■ **Task to carry out**: Restate the records that follow word for word. Omit the images.
#### Supplied material
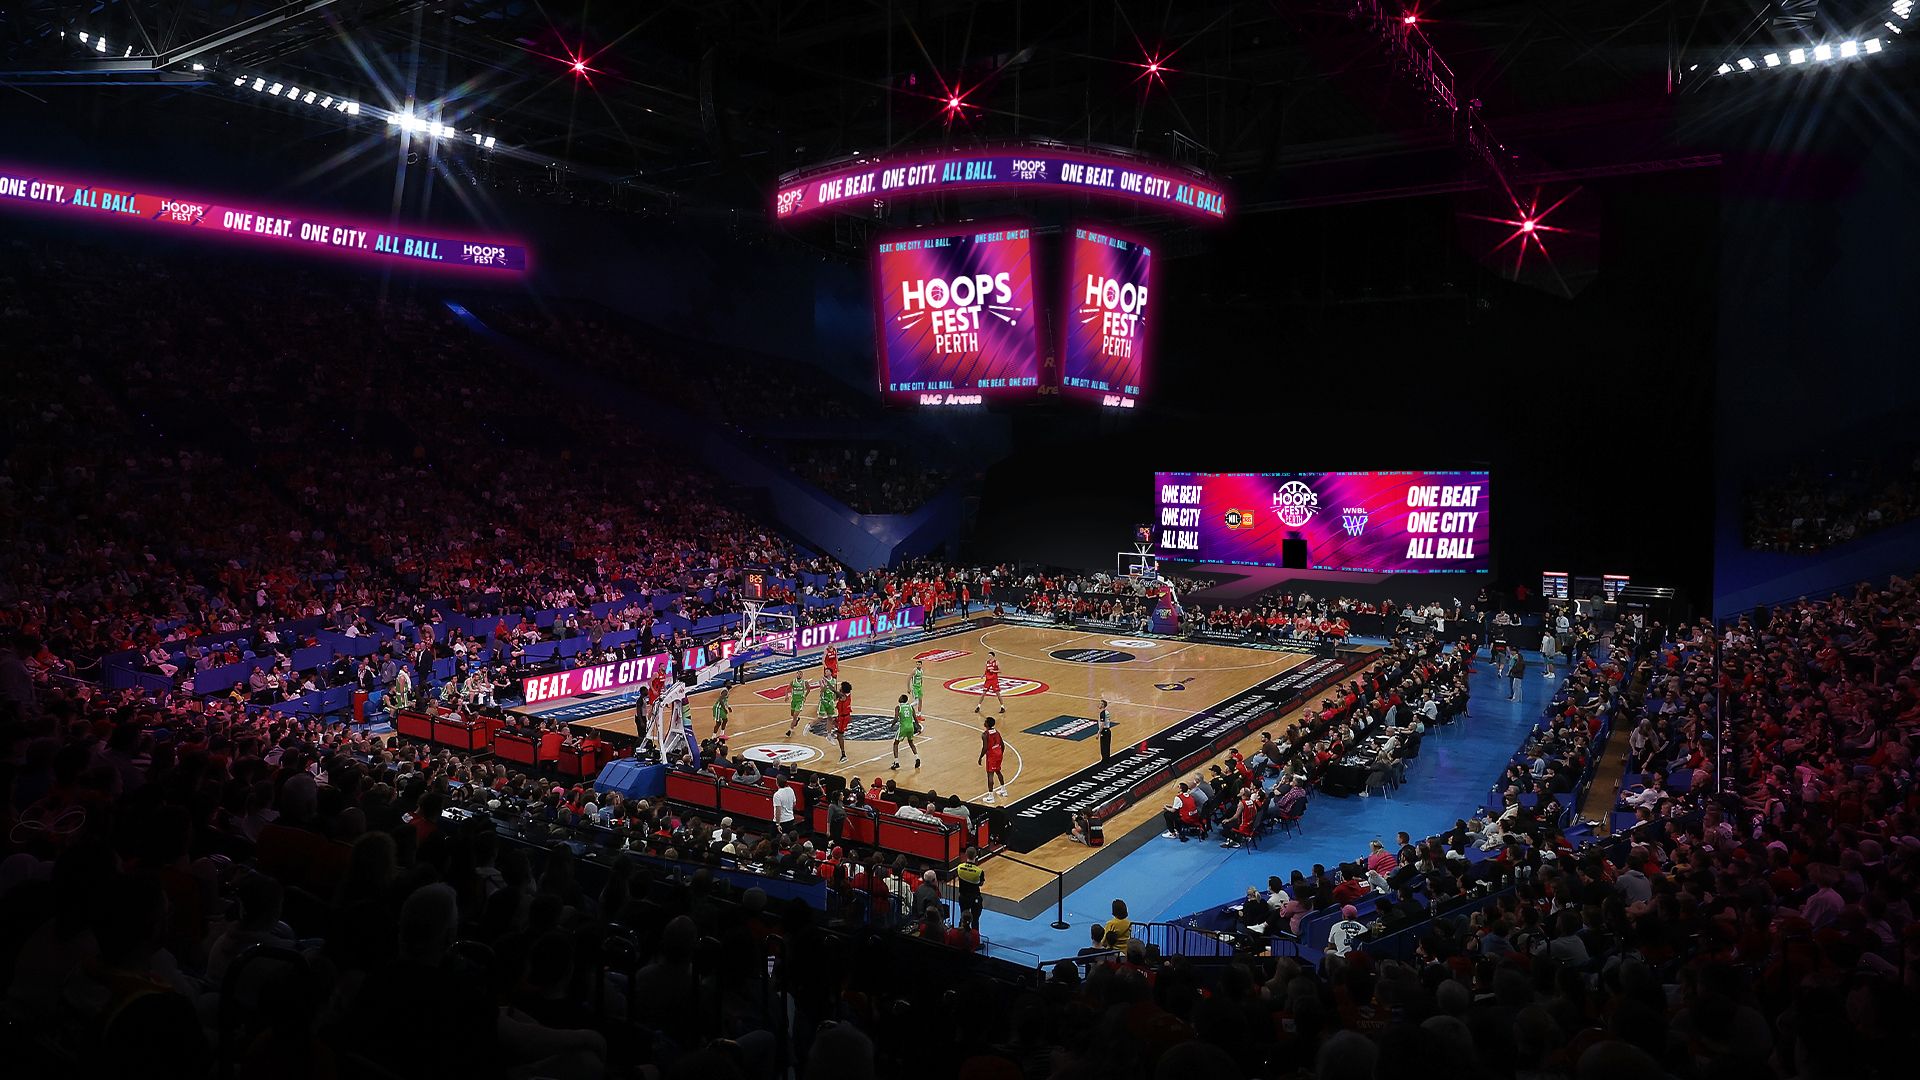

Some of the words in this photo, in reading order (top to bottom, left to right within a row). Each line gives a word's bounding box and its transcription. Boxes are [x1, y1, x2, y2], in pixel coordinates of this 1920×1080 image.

[1013, 160, 1046, 172] HOOPS
[1020, 171, 1036, 180] FEST
[819, 180, 843, 203] ONE
[845, 173, 876, 197] BEAT.
[882, 168, 905, 190] ONE
[908, 164, 936, 186] CITY.
[942, 162, 962, 182] ALL
[965, 161, 997, 180] BALL.
[1061, 163, 1083, 183] ONE
[1085, 166, 1115, 187] BEAT.
[1120, 171, 1141, 193] ONE
[1144, 176, 1171, 199] CITY.
[1176, 184, 1193, 206] ALL
[0, 177, 26, 197] ONE
[30, 182, 65, 203] CITY.
[73, 189, 97, 208] ALL
[102, 193, 140, 214] BALL.
[161, 201, 203, 216] HOOPS
[172, 212, 191, 222] FEST
[223, 211, 251, 231] ONE
[255, 215, 293, 238] BEAT.
[301, 223, 328, 243] ONE
[332, 228, 367, 249] CITY.
[375, 235, 399, 254] ALL
[404, 239, 443, 260] BALL.
[895, 241, 907, 251] ONE
[924, 238, 934, 249] ALL
[975, 234, 987, 243] ONE
[463, 245, 505, 258] HOOPS
[474, 255, 493, 265] FEST
[901, 272, 1012, 310] HOOPS
[1085, 274, 1148, 315] HOOP
[931, 305, 981, 334] FEST
[1103, 312, 1138, 338] FEST
[935, 331, 979, 354] PERTH
[1102, 336, 1132, 359] PERTH
[920, 394, 942, 405] RAC
[945, 394, 982, 405] Arena
[1103, 394, 1121, 407] RAC
[1161, 485, 1179, 504] ONE
[1179, 485, 1203, 504] BEAT
[1273, 493, 1318, 506] HOOPS
[1407, 486, 1440, 507] ONE
[1440, 486, 1481, 507] BEAT
[1161, 508, 1179, 526] ONE
[1180, 508, 1201, 527] CITY
[1284, 506, 1305, 515] FEST
[1285, 515, 1303, 524] PERTH
[1407, 512, 1440, 533] ONE
[1440, 512, 1479, 533] CITY
[1161, 530, 1176, 549] ALL
[1178, 531, 1199, 550] BALL
[1406, 538, 1434, 559] ALL
[1436, 538, 1475, 559] BALL
[750, 575, 762, 583] 8:25
[802, 624, 840, 647] CITY.
[526, 673, 572, 703] BEAT.
[581, 664, 615, 691] ONE
[1017, 781, 1098, 818] WESTERN
[1092, 747, 1165, 782] AUSTRALIA
[1063, 783, 1118, 813] WALKING
[1115, 777, 1134, 788] ON
[1133, 757, 1172, 776] DREAM
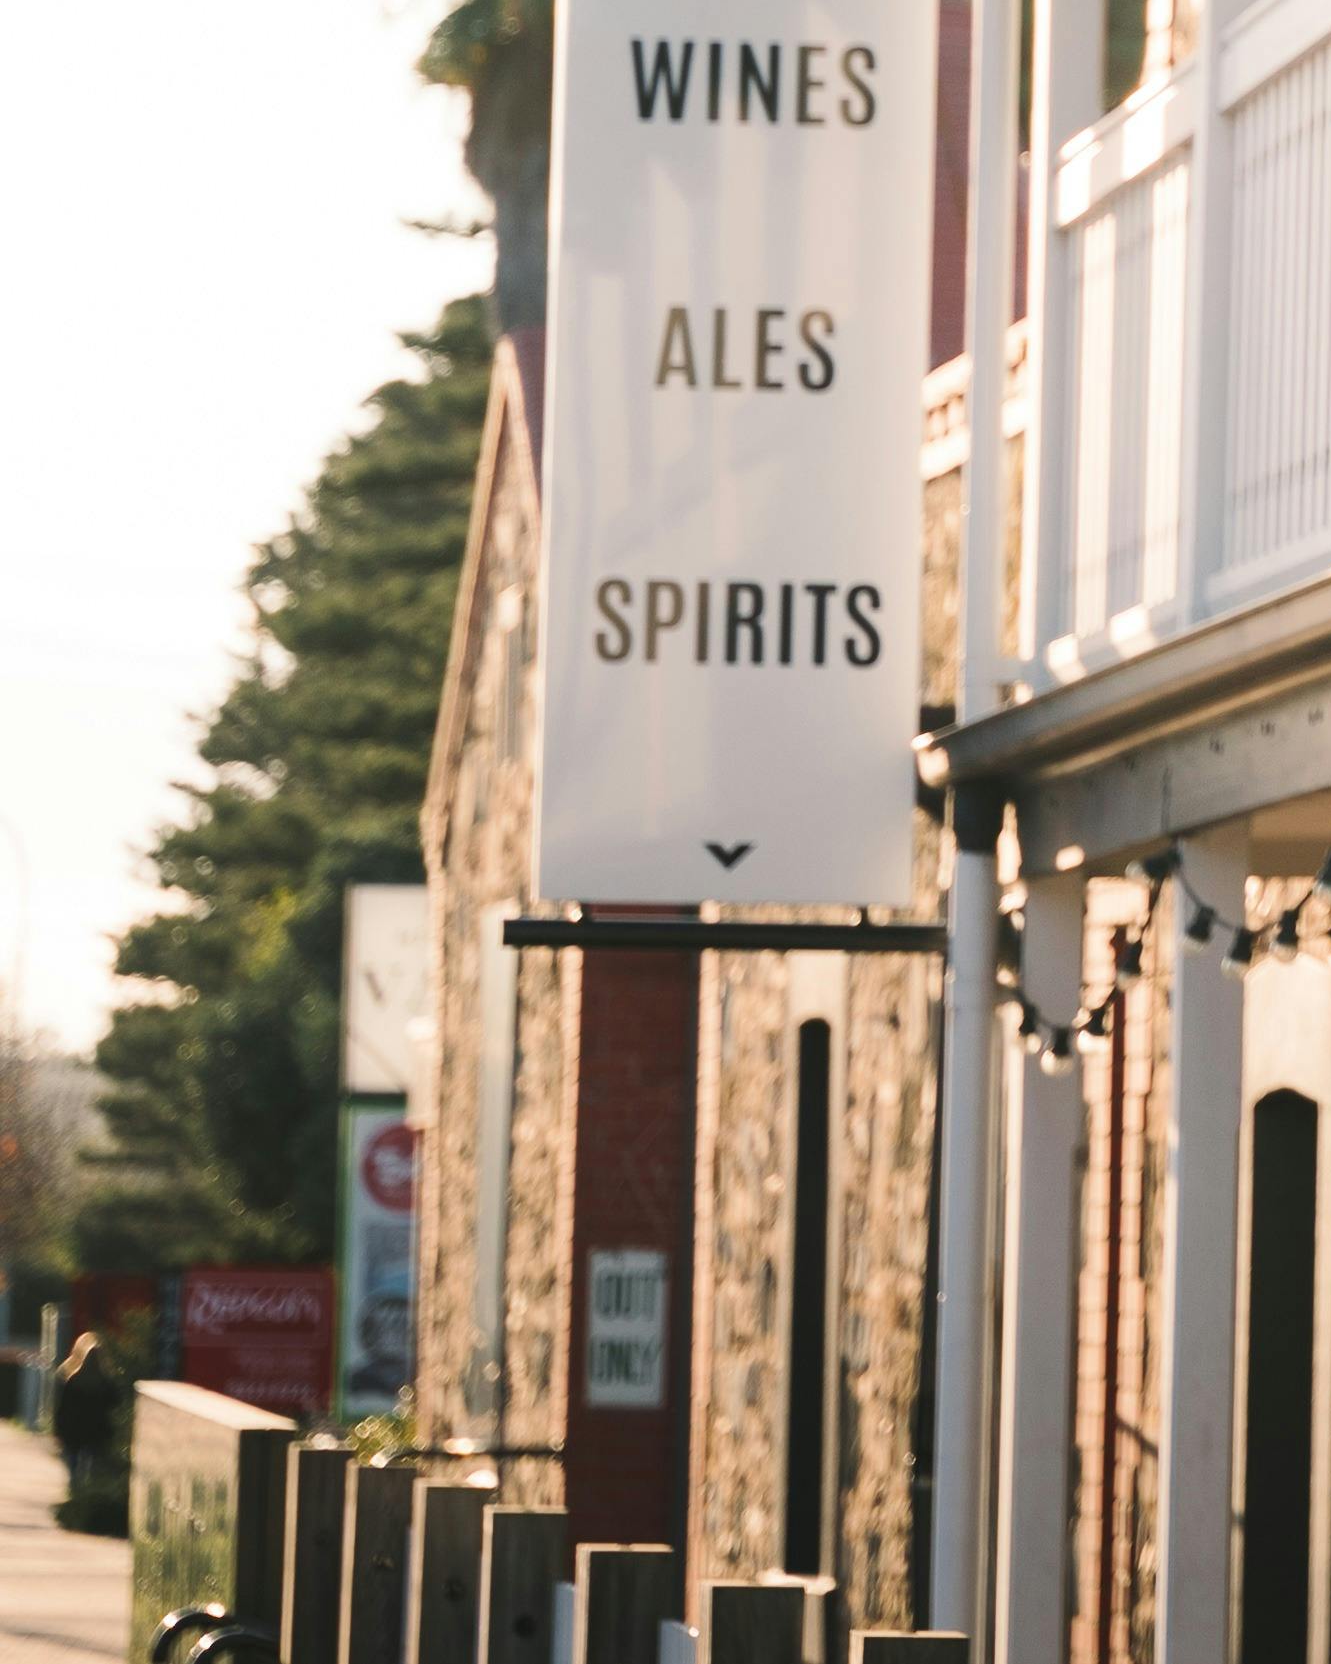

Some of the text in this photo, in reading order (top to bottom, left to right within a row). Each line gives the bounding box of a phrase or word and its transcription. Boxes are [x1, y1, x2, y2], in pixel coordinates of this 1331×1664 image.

[630, 37, 877, 127] WINES
[654, 306, 837, 395] ALES
[594, 577, 883, 670] SPIRITS
########
■ **Result of the task**:
Some of the words in this photo, in reading order (top to bottom, left to right within a row). Each line gives a word's bounding box and its transcription. Boxes are [x1, y1, x2, y2], in pixel coordinates of this 1920×1080 image.

[1013, 160, 1046, 172] HOOPS
[1020, 171, 1036, 180] FEST
[819, 180, 843, 203] ONE
[845, 173, 876, 197] BEAT.
[882, 168, 905, 190] ONE
[908, 164, 936, 186] CITY.
[942, 162, 962, 182] ALL
[965, 161, 997, 180] BALL.
[1061, 163, 1083, 183] ONE
[1085, 166, 1115, 187] BEAT.
[1120, 171, 1141, 193] ONE
[1144, 176, 1171, 199] CITY.
[1176, 184, 1193, 206] ALL
[0, 177, 26, 197] ONE
[30, 182, 65, 203] CITY.
[73, 189, 97, 208] ALL
[102, 193, 140, 214] BALL.
[161, 201, 203, 216] HOOPS
[172, 212, 191, 222] FEST
[223, 211, 251, 231] ONE
[255, 215, 293, 238] BEAT.
[301, 223, 328, 243] ONE
[332, 228, 367, 249] CITY.
[375, 235, 399, 254] ALL
[404, 239, 443, 260] BALL.
[895, 241, 907, 251] ONE
[924, 238, 934, 249] ALL
[975, 234, 987, 243] ONE
[463, 245, 505, 258] HOOPS
[474, 255, 493, 265] FEST
[901, 272, 1012, 310] HOOPS
[1085, 274, 1148, 315] HOOP
[931, 305, 981, 334] FEST
[1103, 312, 1138, 338] FEST
[935, 331, 979, 354] PERTH
[1102, 336, 1132, 359] PERTH
[920, 394, 942, 405] RAC
[945, 394, 982, 405] Arena
[1103, 394, 1121, 407] RAC
[1161, 485, 1179, 504] ONE
[1179, 485, 1203, 504] BEAT
[1273, 493, 1318, 506] HOOPS
[1407, 486, 1440, 507] ONE
[1440, 486, 1481, 507] BEAT
[1161, 508, 1179, 526] ONE
[1180, 508, 1201, 527] CITY
[1284, 506, 1305, 515] FEST
[1285, 515, 1303, 524] PERTH
[1407, 512, 1440, 533] ONE
[1440, 512, 1479, 533] CITY
[1161, 530, 1176, 549] ALL
[1178, 531, 1199, 550] BALL
[1406, 538, 1434, 559] ALL
[1436, 538, 1475, 559] BALL
[750, 575, 762, 583] 8:25
[802, 624, 840, 647] CITY.
[526, 673, 572, 703] BEAT.
[581, 664, 615, 691] ONE
[1017, 781, 1098, 818] WESTERN
[1092, 747, 1165, 782] AUSTRALIA
[1063, 783, 1118, 813] WALKING
[1115, 777, 1134, 788] ON
[1133, 757, 1172, 776] DREAM

Some of the text in this photo, in reading order (top to bottom, left to right within a row). Each line gives the bounding box of a phrase or word and its transcription. Boxes are [x1, y1, x2, y2], in pixel coordinates of this 1331×1664 image.

[630, 37, 877, 127] WINES
[654, 306, 837, 395] ALES
[594, 577, 883, 670] SPIRITS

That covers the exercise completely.